Seminar: From Nature-Inspired Design to AI-Generated Metaheuristics

Thumbnail image of a seminar by Prof Thomas Back.
04 Jun 2025 11.00 AM - 12.00 PM LT10 (located at NS4-04-41) Current Students, Industry/Academic Partners

Abstract: 

For decades, researchers have been looking at paradigms gleaned from nature as inspiration for problem solving approaches, for example in the domain of optimization. There are many classes of such algorithms, including evolutionary algorithms, particle swarms, differential evolution, ant colony optimization, and the number of proposed variants of them is quite large.

This makes it hard to keep track of the variants and their respective strengths, and even more so it creates a difficult situation for non-experts who are interested in selecting the best algorithm for their real-world application problem. In this presentation, I will introduce and discuss ideas to automatically optimize the optimization heuristic. This task can be approached as an algorithm configuration problem, for which I will present some examples illustrating that this task can be handled by direct global optimization algorithms – in other words, by “automatically optimizing the optimization algorithm”.

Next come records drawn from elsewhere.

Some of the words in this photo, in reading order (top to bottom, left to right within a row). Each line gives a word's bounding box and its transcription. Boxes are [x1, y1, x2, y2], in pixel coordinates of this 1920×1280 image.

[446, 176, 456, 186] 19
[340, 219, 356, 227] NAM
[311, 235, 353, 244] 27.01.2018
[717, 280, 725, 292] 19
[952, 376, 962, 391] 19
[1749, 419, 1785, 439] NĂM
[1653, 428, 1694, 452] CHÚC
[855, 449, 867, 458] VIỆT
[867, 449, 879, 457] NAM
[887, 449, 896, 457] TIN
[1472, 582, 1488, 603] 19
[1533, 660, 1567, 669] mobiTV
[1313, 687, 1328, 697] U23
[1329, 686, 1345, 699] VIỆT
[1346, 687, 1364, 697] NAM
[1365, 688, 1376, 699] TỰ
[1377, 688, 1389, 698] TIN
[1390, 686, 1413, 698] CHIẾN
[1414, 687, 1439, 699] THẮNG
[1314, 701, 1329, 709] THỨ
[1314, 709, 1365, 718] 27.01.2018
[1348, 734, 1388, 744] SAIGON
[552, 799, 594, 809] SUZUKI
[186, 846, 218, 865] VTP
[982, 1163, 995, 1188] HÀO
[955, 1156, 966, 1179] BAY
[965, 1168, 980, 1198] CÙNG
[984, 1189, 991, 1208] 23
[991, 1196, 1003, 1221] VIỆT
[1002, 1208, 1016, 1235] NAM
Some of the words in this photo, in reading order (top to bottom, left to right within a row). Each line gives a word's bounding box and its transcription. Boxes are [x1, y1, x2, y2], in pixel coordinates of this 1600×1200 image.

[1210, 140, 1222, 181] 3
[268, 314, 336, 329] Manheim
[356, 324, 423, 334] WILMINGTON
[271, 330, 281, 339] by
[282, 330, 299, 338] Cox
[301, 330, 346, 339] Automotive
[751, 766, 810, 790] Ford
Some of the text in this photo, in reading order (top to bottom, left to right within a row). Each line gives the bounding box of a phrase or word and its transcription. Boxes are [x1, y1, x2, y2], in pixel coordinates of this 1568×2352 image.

I will give an example how a combinatorial design space of thousands of configuration variants of evolution strategies in a so-called modular Covariance Matrix Adaptation Evolution Strategy framework can be searched, and how the results can be analyzed using data mining. This approach provides an opportunity for discovering the unexplored areas of the optimization algorithm design space. As a next step into the direction of automated algorithm generation, I will briefly show a novel approach for using a large language model in an iterative loop to automatically generate metaheuristic algorithms for optimization, and how this approach which we call LLaMEA (Large Language Model Evolutionary Algorithm) can generate novel metaheuristics that perform very well on a standard set of benchmark functions.

Biography:

Speaker PhotoThomas Bäck (Fellow, IEEE) received the Diploma degree in Computer Science in 1990 and the Ph.D. degree in Computer Science in 1994 (under supervision of H.-P. Schwefel), both from the University of Dortmund, Germany. He is Professor of Computer Science with the Leiden Institute of Advanced Computer Science (LIACS), Leiden University, Netherlands. His research interests include evolutionary computation, machine learning, and their real-world applications, especially in sustainable smart industry and health.

Dr. Bäck has been elected as member of the Royal Netherlands Academy of Arts and Sciences (KNAW, 2021), as IEEE Fellow (class of 2022), and as a member of Academia Europaea (2022). He was a recipient of the IEEE Computational Intelligence Society (CIS) Evolutionary Computation Pioneer Award in 2015, was elected as Fellow of the International Society of Genetic and Evolutionary Computation in 2003 and received the best Ph.D. thesis award from the German society of Computer Science (GI) in 1995.

He currently serves as an Editor in Chief of the Evolutionary Computation Journal (MIT Press), Associate Editor of the IEEE Transactions on Evolutionary Computation and Artificial Intelligence Review journals and area editor of the ACM Transactions on Evolutionary Learning and Optimization. He was also co-editor-in-chief of the Handbook of Evolutionary Computation (CRC Press/Taylor & Francis 1997), co-editor of the Handbook of Natural Computing (Springer, 2013), author of Evolutionary Computation in Theory and Practice (OUP, New York, 1996) and co-author of Contemporary Evolution Strategies (Springer, 2013 ).